Dr. Alissa Deeter, artistic director of the Portland Symphonic Choir, and Samuel Hobbs, artistic director and choreographer, push/FOLD Dance Company. Photo: Holly Shaw.

How did they pull this off? How did a decade-long creative impulse – “wow, I’d love to do that” – become  “we did it?” The January 19-21 premiere of “Vespers”, dance based on Rachmaninoff’s All-Night Vigil, a collaboration between push/FOLD Dance Company and the Portland Symphonic Choir, is the result of pursuing the possibility. And, yes, they pulled it off.

You can read in an earlier OAW choral preview, how push/FOLD founder Samuel Hobbs, creator of the dance, and Alissa Deeter, Artistic Director of Portland Symphonic Choir came to this partnership. Sometimes it takes a bit of kismet in creative endeavors, and intelligence and guts to seize a moment when it presents itself. It also helps to retain the joy of that fateful moment after the enormity of a project like this sets in.

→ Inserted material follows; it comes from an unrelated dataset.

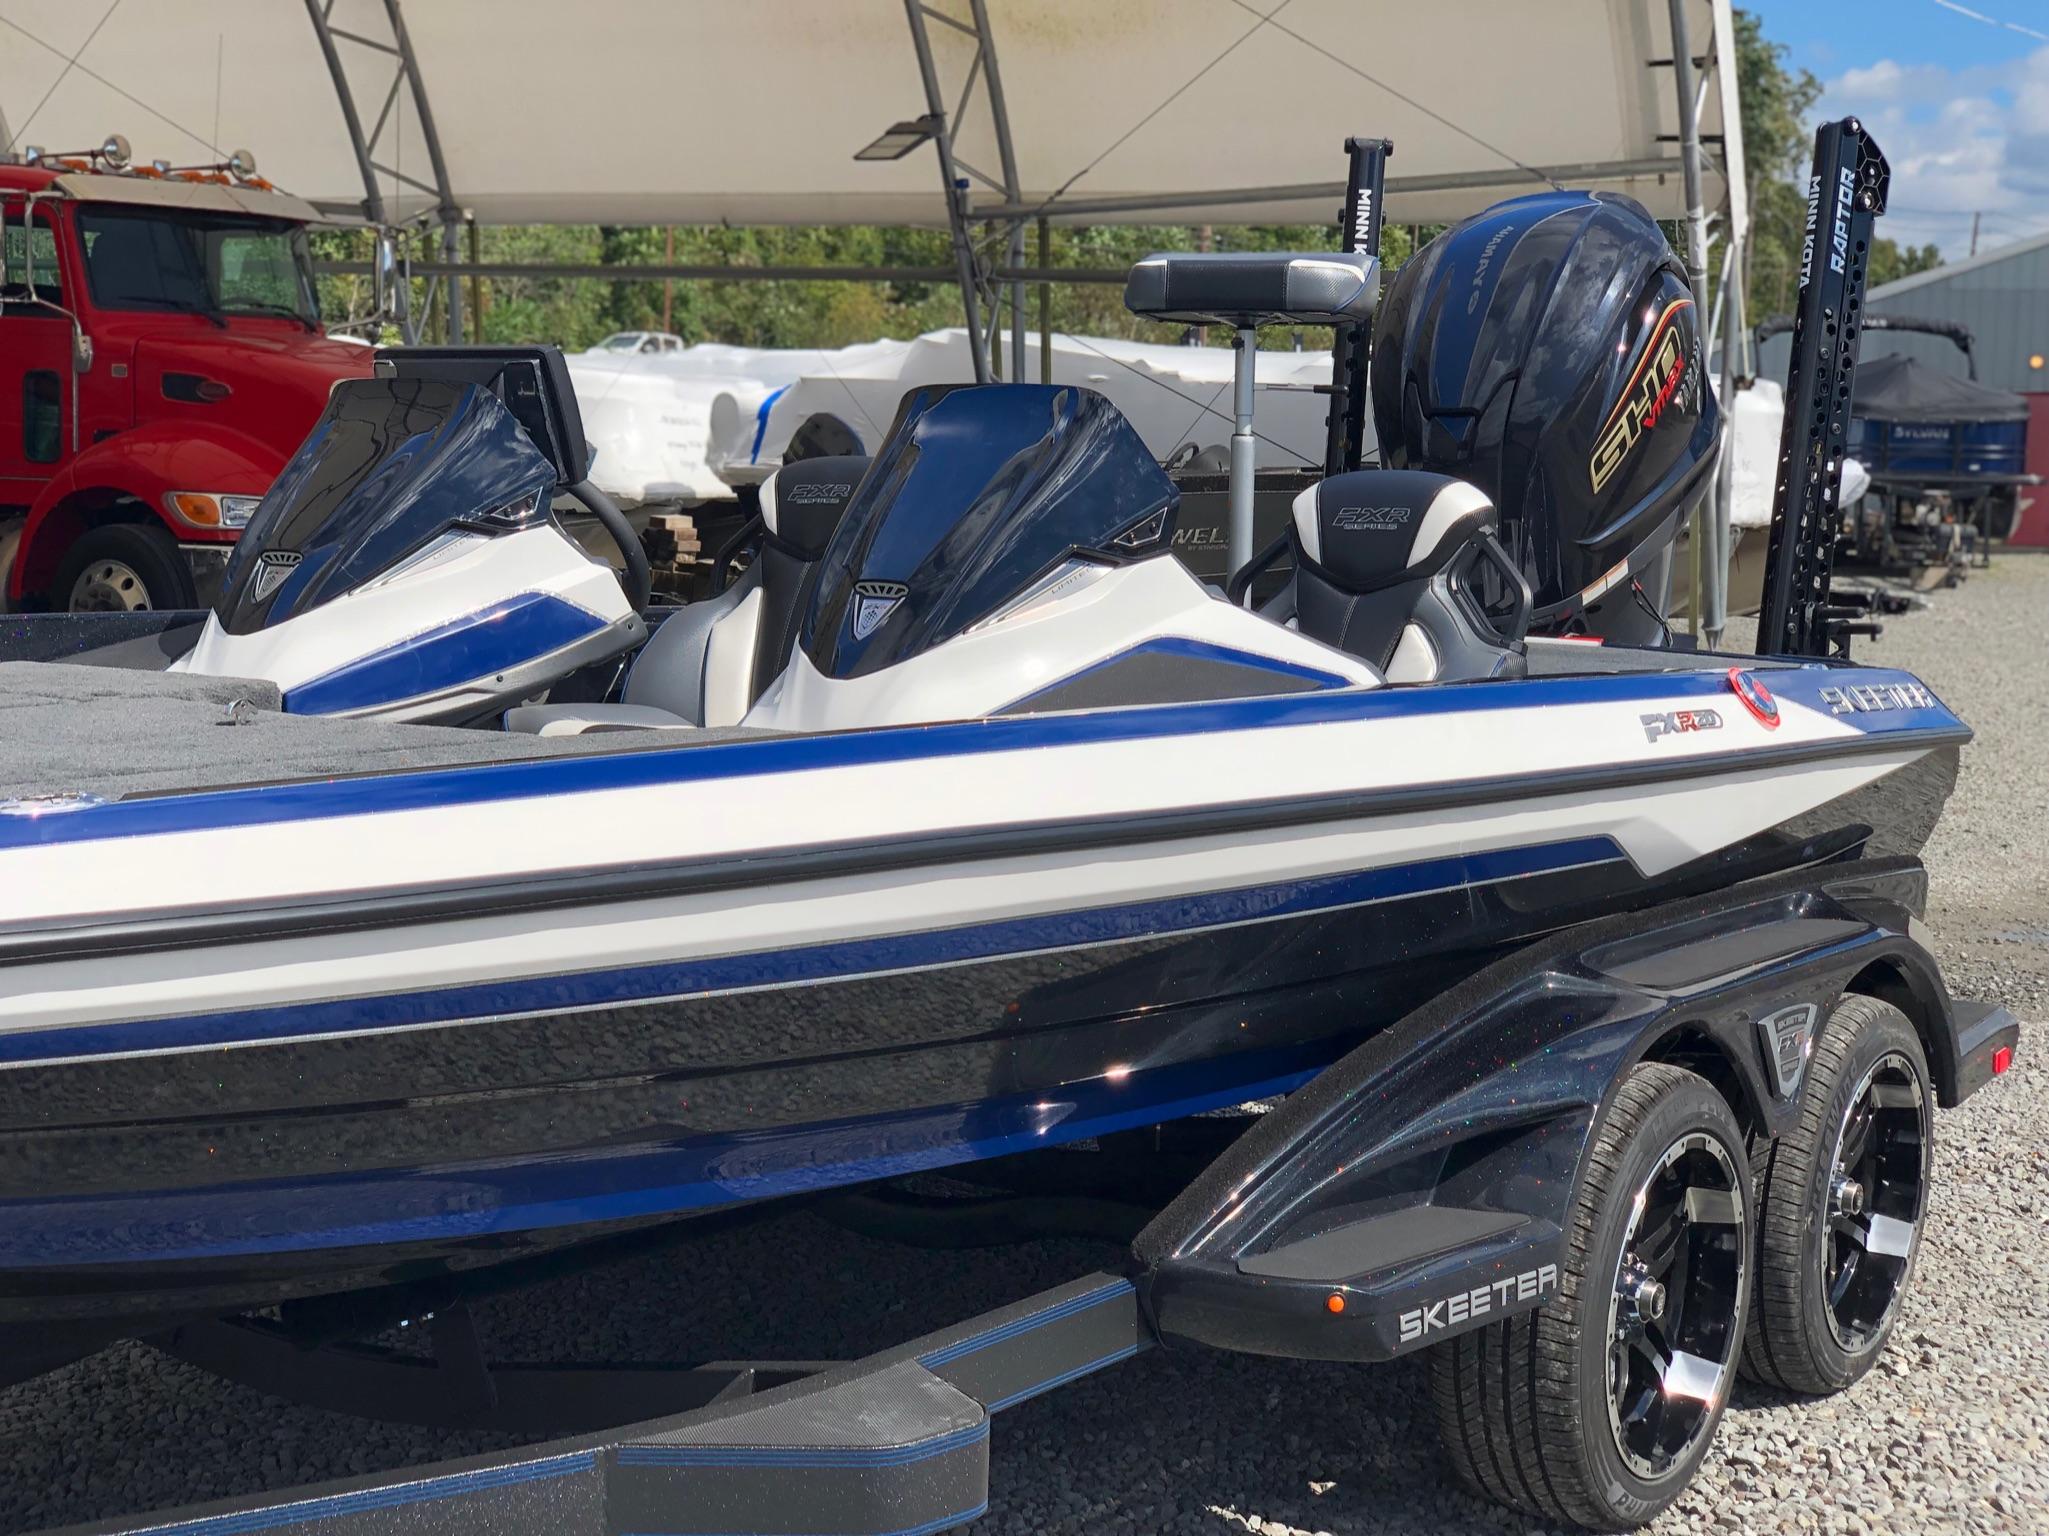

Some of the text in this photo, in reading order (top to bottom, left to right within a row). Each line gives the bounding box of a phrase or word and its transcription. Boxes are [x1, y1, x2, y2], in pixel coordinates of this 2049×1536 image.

From the beginning it was understood that the choral forces were not engaged to ‘provide the music’ for the dance production. There are a handful of documented choral/dance collaborations commendable for their use of live music. But these mirror the choral/orchestral model: choir in background, sometimes even behind a scrim. Sure, Hobbs could have done it that way. He could have used one of the many very nice recordings out there and we’d have been treated to some very nice original choreography superimposed on some very nice singing. Not Hobbs and the push/FOLD dancers. Not Deeter and PSC singers.

To this, the boldness of this endeavor, I raise a toast. Risky, scary, costly. So non-traditional. So gutsy. This is THE Rachmaninoff’s All-Night Vigil, our Good Ol’ Rach. Deeply rooted in tradition – the epitomic aural iconology of the Russian Orthodox choral canon. Which, ironically, is exactly why I found the performance so meaningful. I experienced the Vigil anew. 

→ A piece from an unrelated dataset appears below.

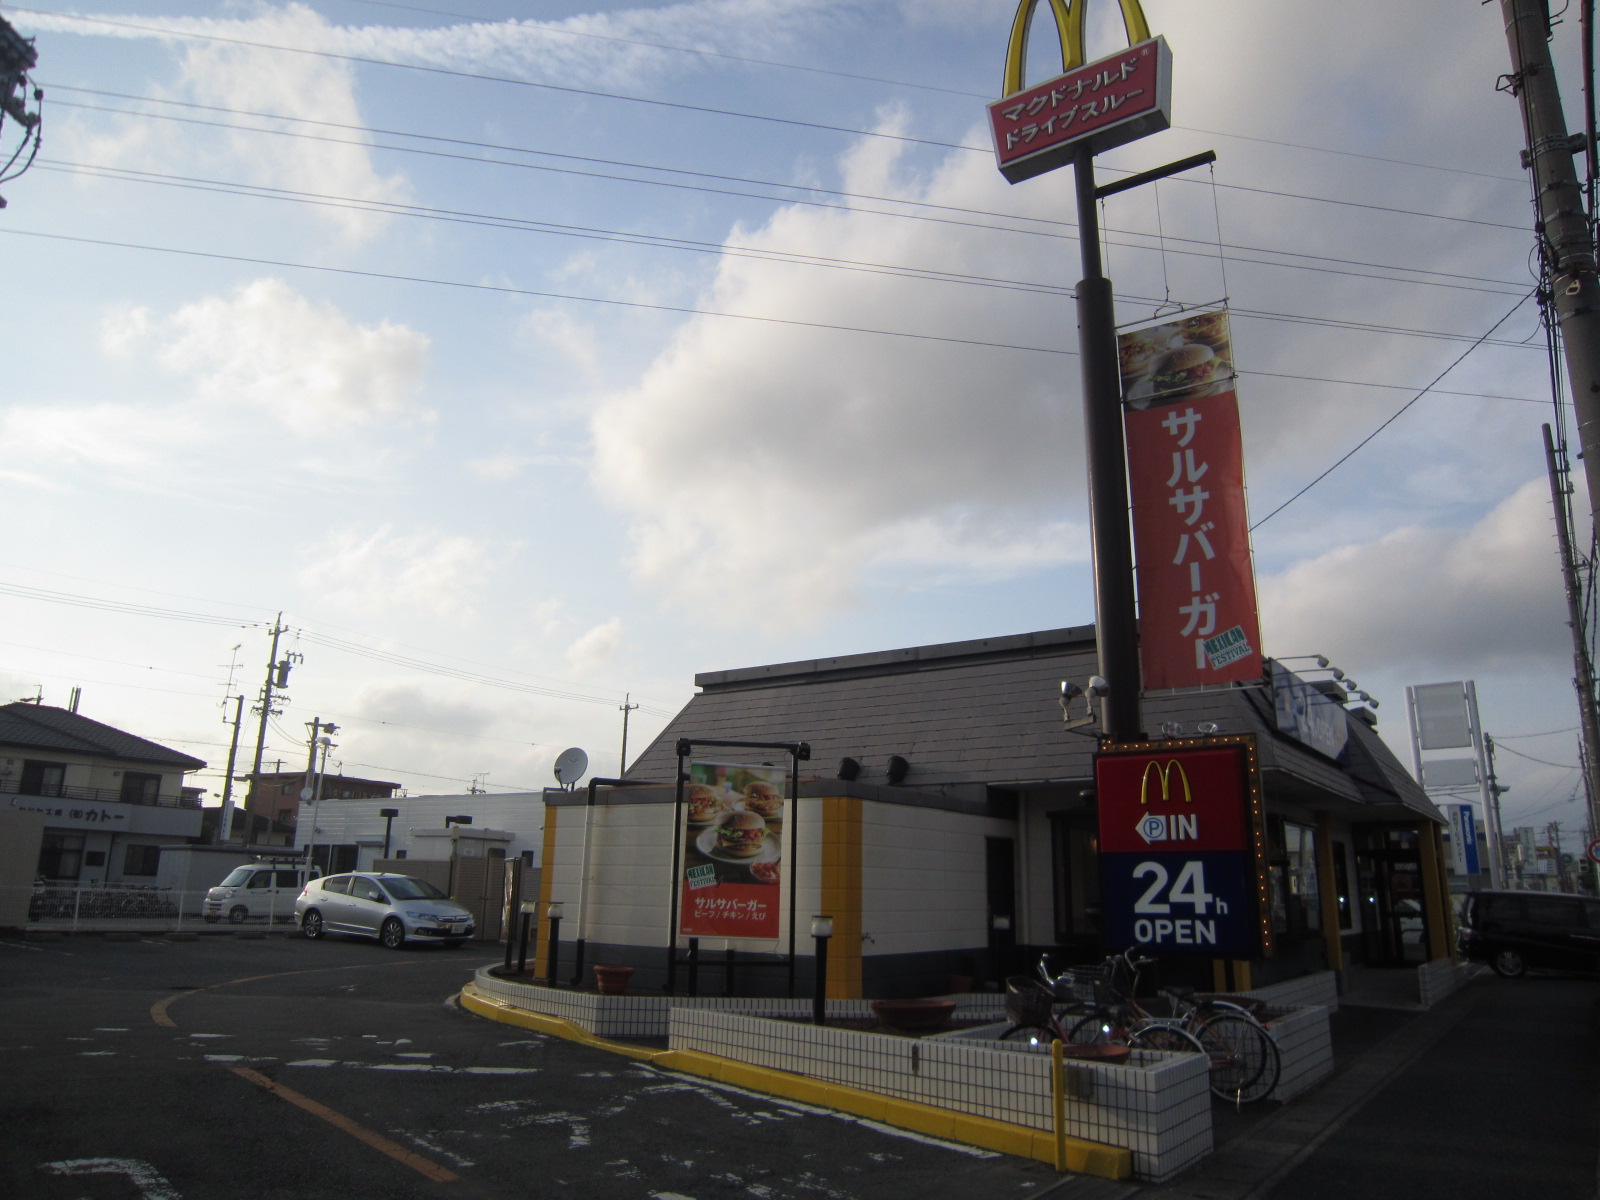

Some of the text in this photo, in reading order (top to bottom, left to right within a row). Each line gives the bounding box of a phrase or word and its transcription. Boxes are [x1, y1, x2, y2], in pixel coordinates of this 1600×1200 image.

But first I had to have a conversation with my classical circuitry, so hardwired to downbeat, to meter, and to the symmetry so carefully laid out by Rachmaninoff. After Movement I, a powerful choral-only “call to worship,” the dancers were in motion and–what’s this?–the meter and phrases were not the cues off of which dancers moved. There, far downstage right, was conductor Deeter, cueing and shaping the phrases–and here were the dancers, powerful and athletic, seemingly unaware of the existence of a downbeat. 

But I began to sense the intention of movement, and toward the end of that segment–in which a chrysalis of entwined body parts emerged as singer Claire Robertson-Preis’ smooth alto intonement offered the first blessing–my initial striction based on classic choral construct was relaxed. It all began to make sense. I realized the beauty of the dance lay in its constant unfolding within the music, not on the black dots and measure lines. Now that was a blessing.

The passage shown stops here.